Miletus (Ancient Greek: Μίλητος) was a character from Greek mythology, the eponymous mythical founder of the city of Miletus.

Etymology 
According to Robert Graves, Miletus' name tentatively suggests "red earth" miltos referring to the fact that Cretans had a complexion that was redder than that of the Greeks.

Family 
Miletus was son of Apollo and Areia, nymph-daughter of Cleochus, of Crete. His mother in other accounts was Acacallis, a daughter of Minos who consorted with Apollo. Yet another source calls Miletus' mother Deïone, and himself by the matronymic Deionides.

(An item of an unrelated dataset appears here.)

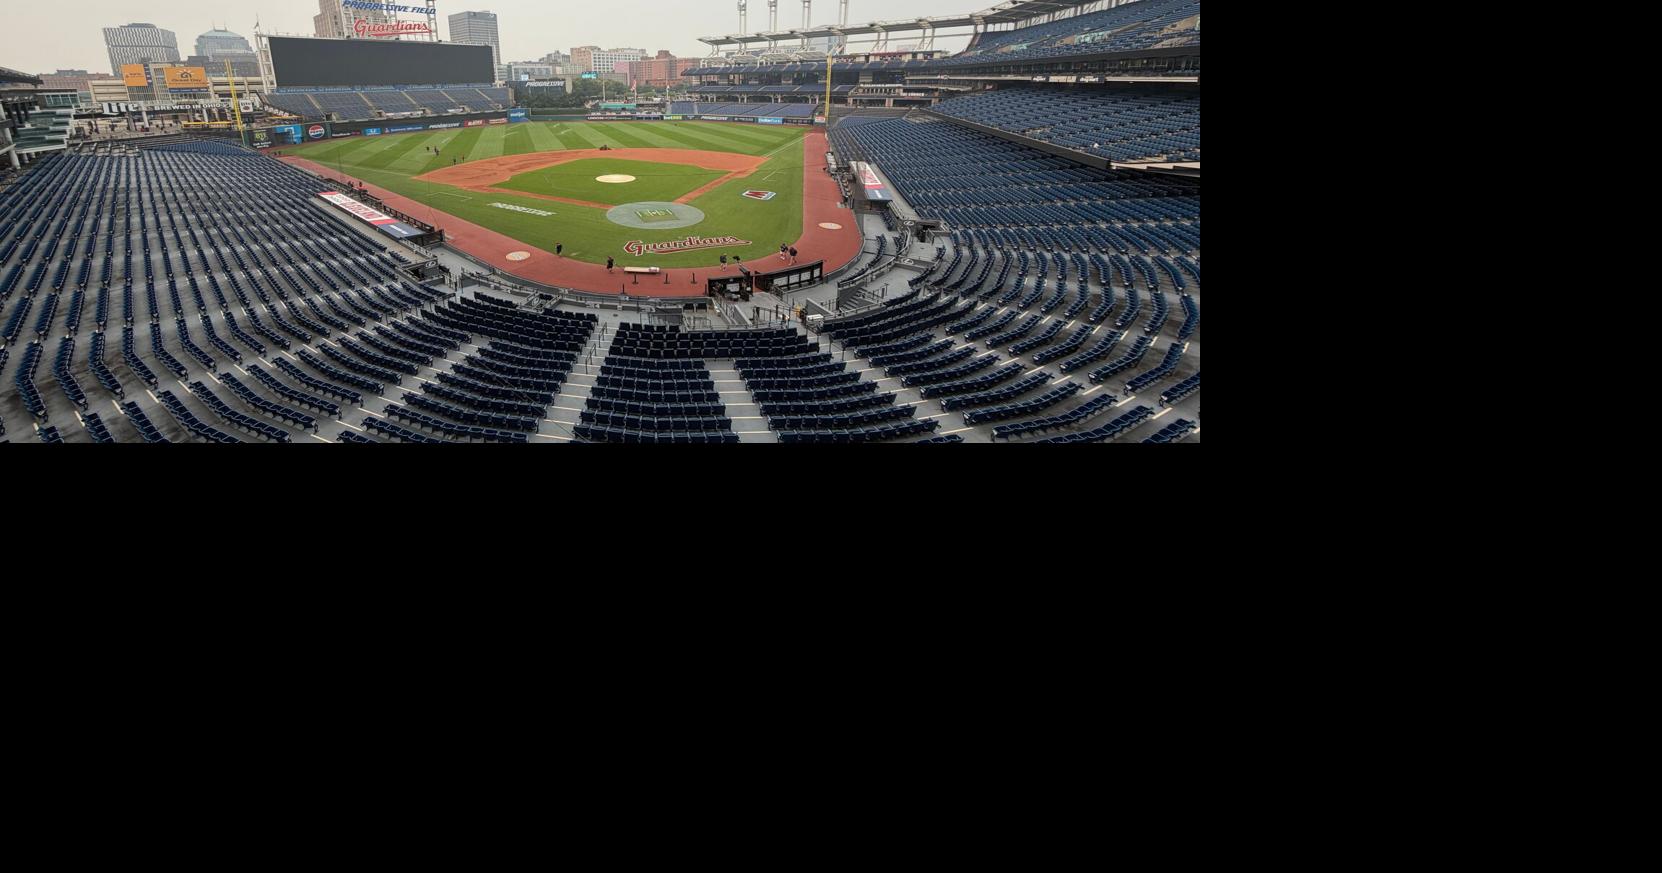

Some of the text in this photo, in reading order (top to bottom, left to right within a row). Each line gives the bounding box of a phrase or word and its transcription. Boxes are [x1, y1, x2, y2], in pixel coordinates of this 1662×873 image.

[342, 0, 436, 15] PROGRESSIVE FIELD
[353, 16, 433, 37] Guardians
[623, 236, 752, 257] Guardians
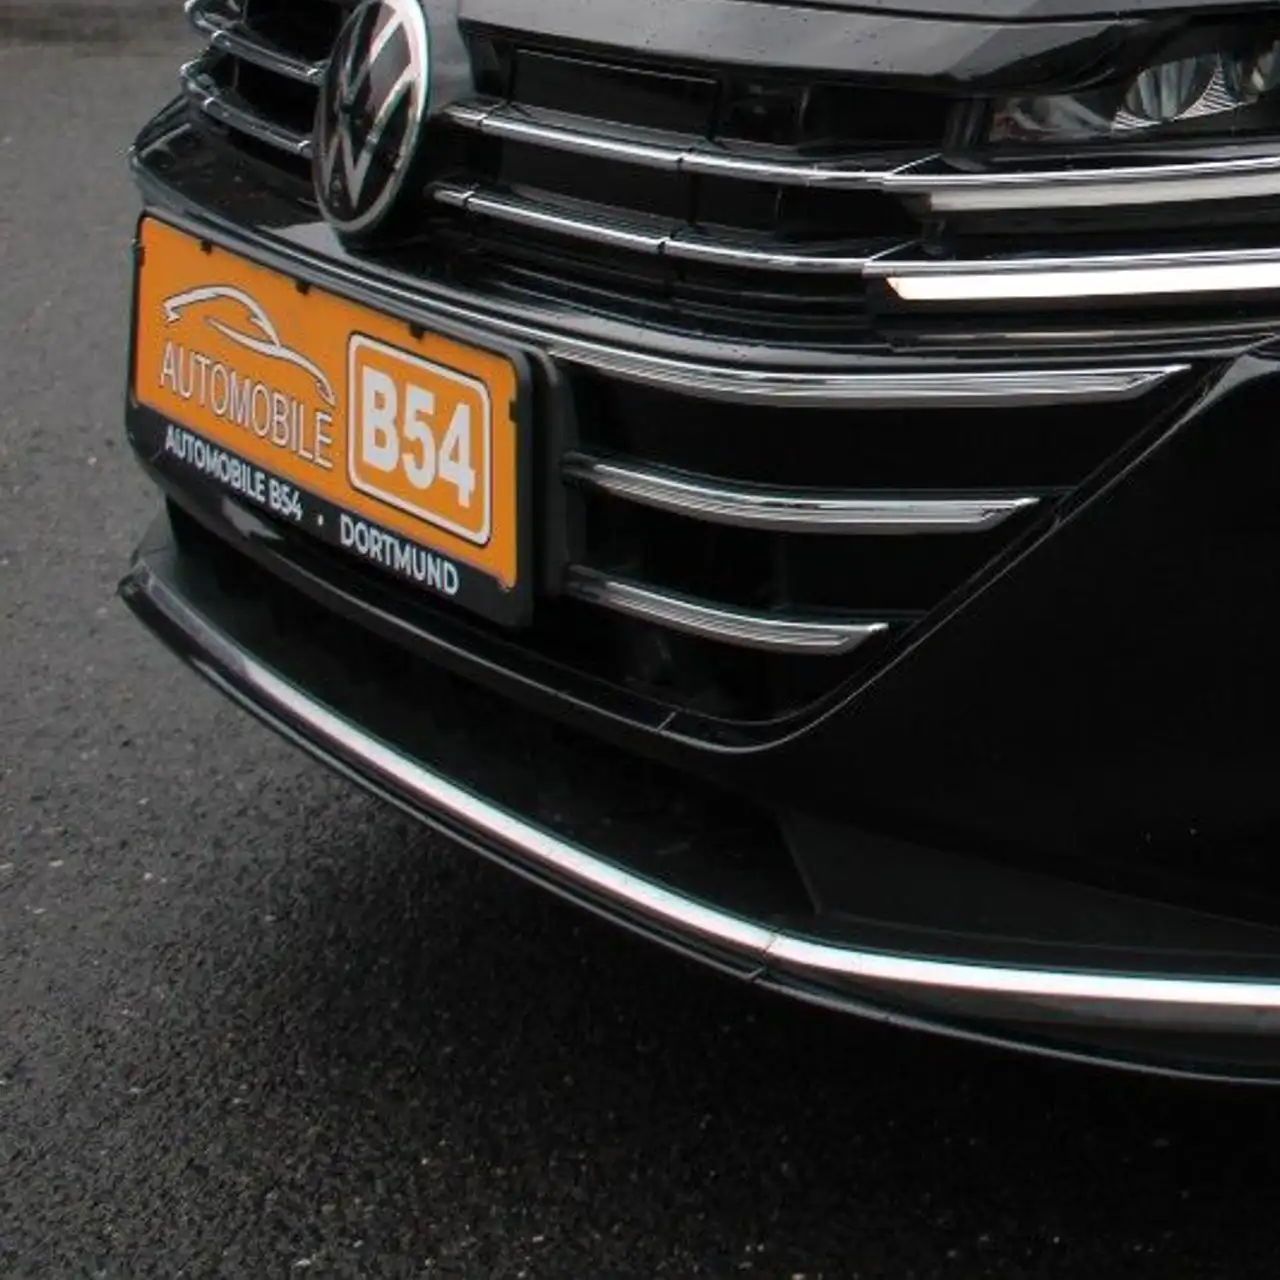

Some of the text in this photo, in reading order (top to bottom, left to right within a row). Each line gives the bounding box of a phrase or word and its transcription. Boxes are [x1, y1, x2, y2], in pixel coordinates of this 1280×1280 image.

Finally, one source gives Miletus as the son of Euxantius, himself son of Minos by a Telchinian woman Dexithea.

Miletus married either Eidothea, daughter of King Eurytus of Caria, or Tragasia, daughter of Celaenus, or Cyane, daughter of the river god Maeander, or Areia, and by her had a son Kaunos (Caunus) and a daughter Byblis.

A different family of Miletus was given by Nonnus, his father was Asterius, son of Minos and Androgenia while Caunus and Byblis became his siblings instead of his children.

Mythology 
When Areia gave birth to her son she hid him in a bed of Smilax; Cleochus found the child there and named him Miletus after the plant. In the tradition in which his mother was Acacallis, the daughter of Minos, fearing her father's wrath, exposed the child, but Apollo commanded the she-wolves to come down and nurse the child.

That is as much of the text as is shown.